Personal information
- Full name: Florence Chambers
- National team: United States
- Born: November 2, 1907 Boston, Massachusetts, U.S.
- Died: September 27, 1979 (aged 71) Fallbrook, California, U.S.
- Spouse: Richard Newkirk

Sport
- Sport: Swimming
- Strokes: Backstroke
- Club: Silver Gate Swim Club San Diego Athletic Club Florence Chambers SC

= Florence Chambers =

American swimmer (1907–1979)

Florence Chambers (November 2, 1907 – September 27, 1979), known by her married name Florence Newkirk by May 1964, was an American competition swimmer who competed in the 100-meter backstroke for the United States at the 1924 Summer Olympics in Paris, finishing fourth in the finals. She was a successful swim coach and instructor who started the Florence Chambers Swim Club in the mid-1920s, and later became a leading business woman, community leader, and philanthropist in San Diego County.

==Early life and swimming career==
Though Chambers was born in Boston, Massachusetts, to George and Emily Chambers, she lived in greater San Diego, at her parents' ranch in Poway, and at her Cloverdale Ranch of around 916 acres, outside Escondido, California, the majority of her life.
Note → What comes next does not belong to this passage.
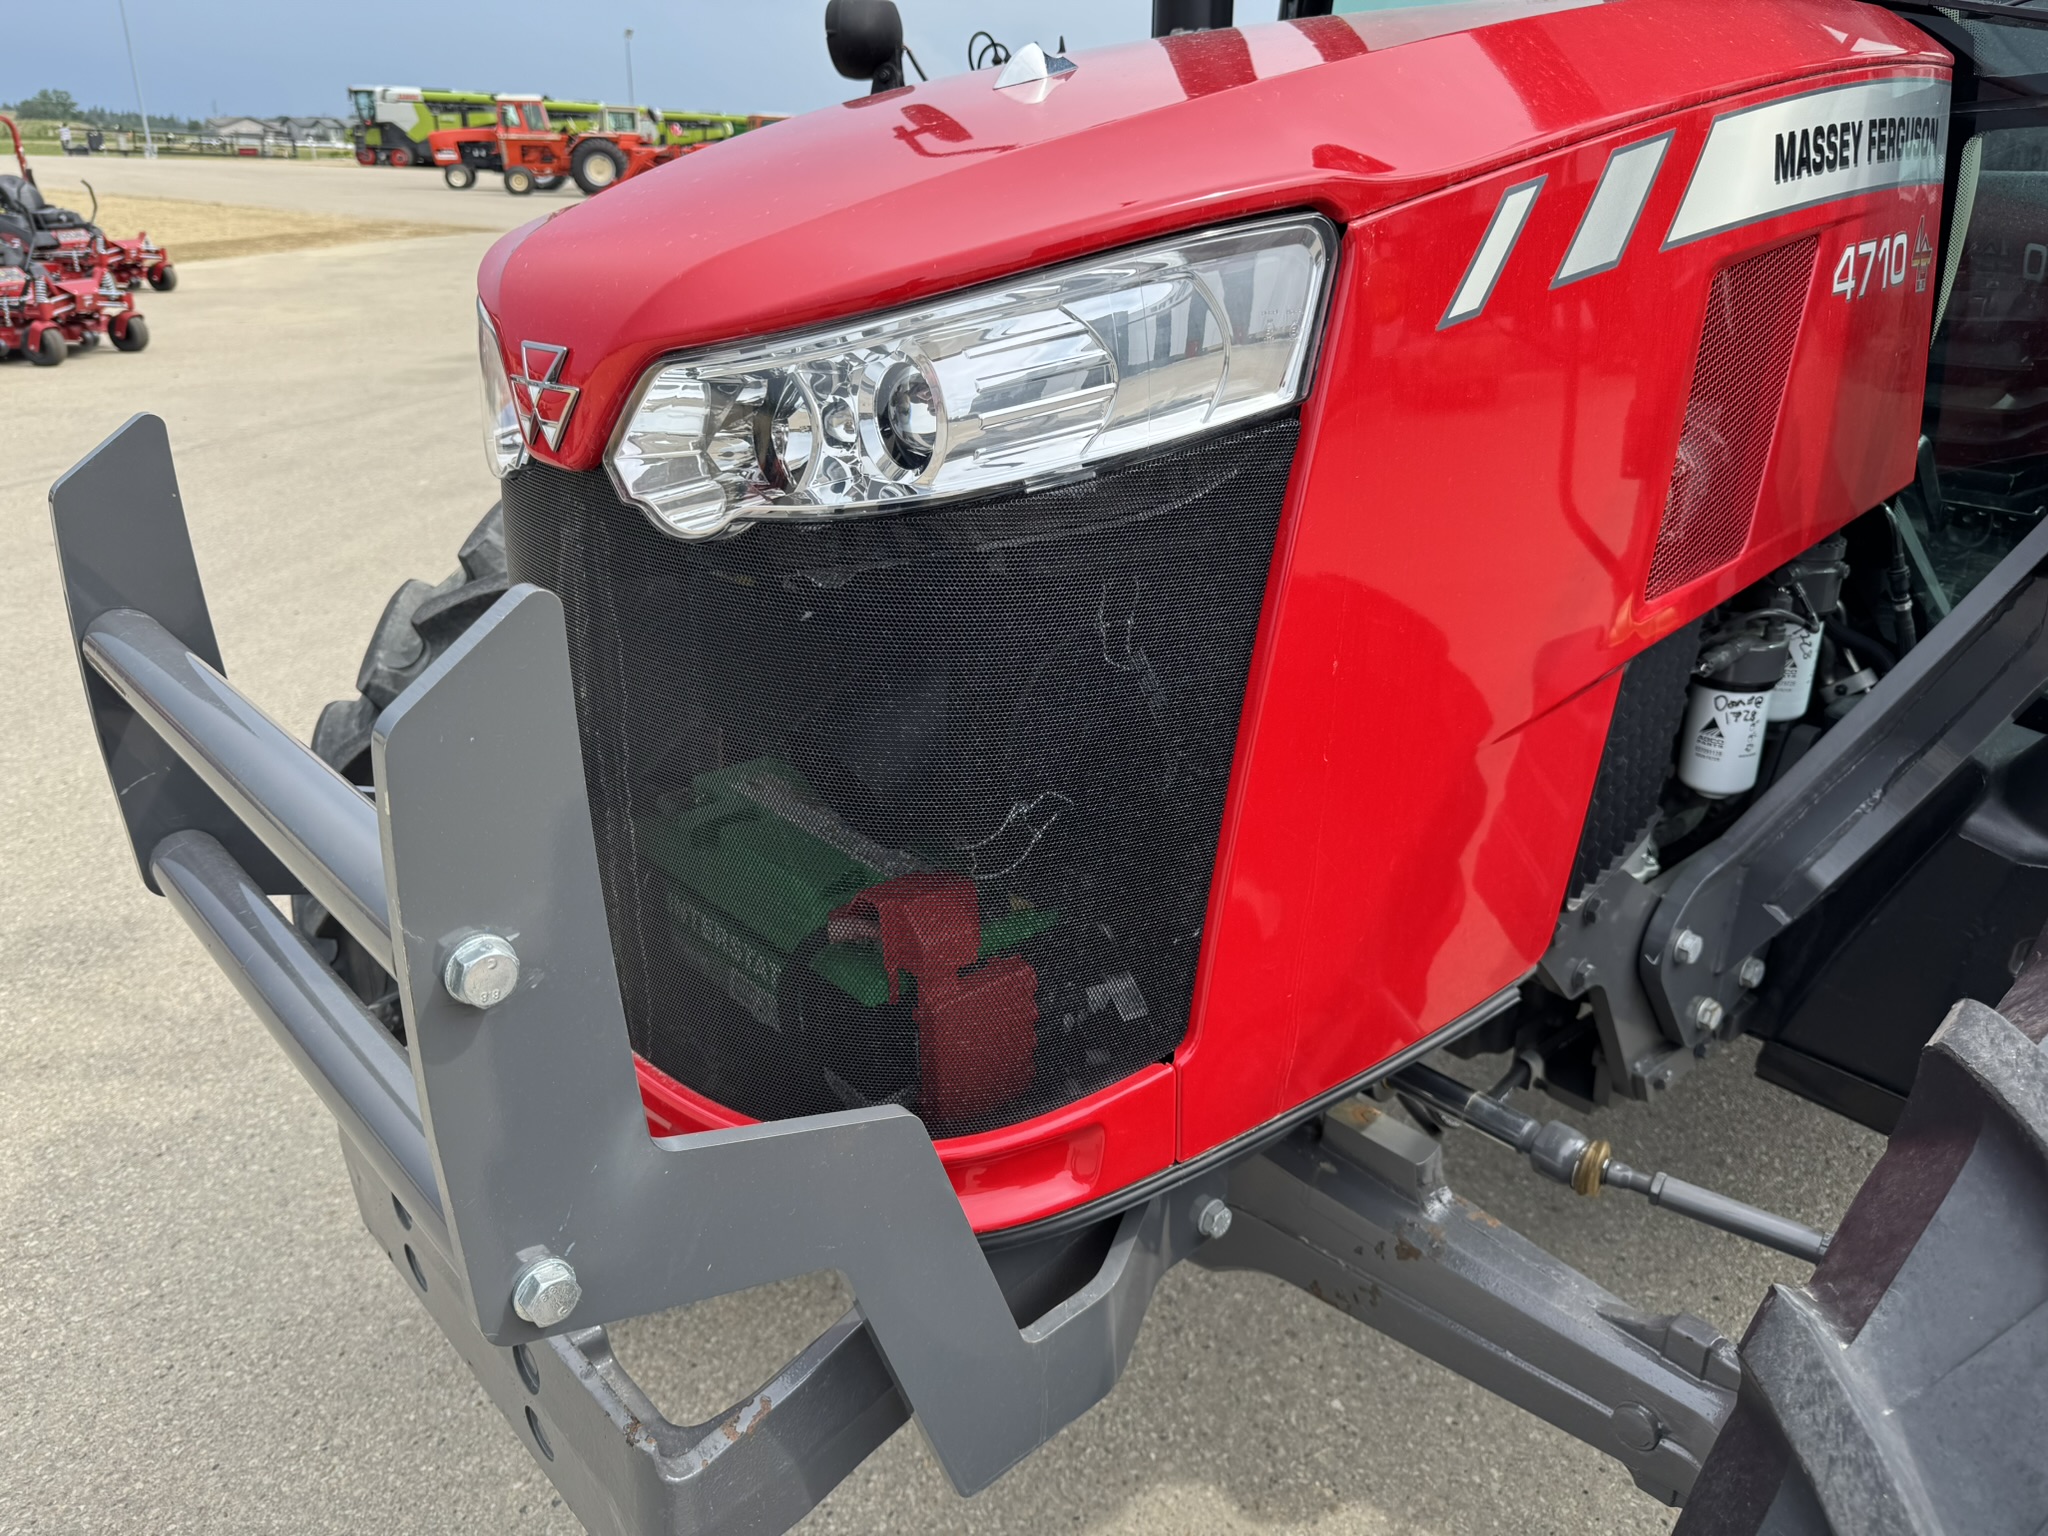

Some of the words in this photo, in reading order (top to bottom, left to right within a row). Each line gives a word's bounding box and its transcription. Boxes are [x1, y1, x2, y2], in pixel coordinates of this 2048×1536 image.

[1774, 120, 1863, 184] MASSEY
[1867, 116, 1939, 164] FERGUSON
[1832, 231, 1908, 302] 4710
Her father George owned the Pacific Beach Hotel in San Diego, having moved there from Brooklyn, New York in 1886. Chambers reportedly started swimming around 1917 for therapy from a spinal injury she received from a streetcar accident in Los Angeles around the age of nine. She won her first medal at age 11, and is believed to have won more than 300 medals and 136 trophies in her long career, which included both pool competition and open water swimming.
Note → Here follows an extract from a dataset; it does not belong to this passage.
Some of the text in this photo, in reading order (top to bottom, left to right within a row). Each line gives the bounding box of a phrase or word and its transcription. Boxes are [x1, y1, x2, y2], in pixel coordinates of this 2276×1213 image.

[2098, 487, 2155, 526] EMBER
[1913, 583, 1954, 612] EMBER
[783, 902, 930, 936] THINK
==Early swimming career highlights==
=== Open Water ===
In October 1922, Chambers won San Francisco's Seal Rock Open Water Swim. By 1927, Chambers had won the 670-yard Silver Gate Channel Swim across San Diego Harbor three times.

=== Pool competition ===
At 22, in July 1923, Chambers swam with San Diego's Silver Gate Swim Club and held titles in the Southern Pacific AAU 100-yard backstroke, the junior 880-yard freestyle, and the 150-yard backstroke events. At the Annual Pacific Coast Swimming Championship in August, 1922, Chambers set a new Pacific Coast women's record of 1:22.2 in the 100-yard backstroke event. On October 14, 1923, Chambers set a new Pacific Coast record for the 75-yard backstroke of 59.8 seconds at the Ambassador Plunge in Los Angeles.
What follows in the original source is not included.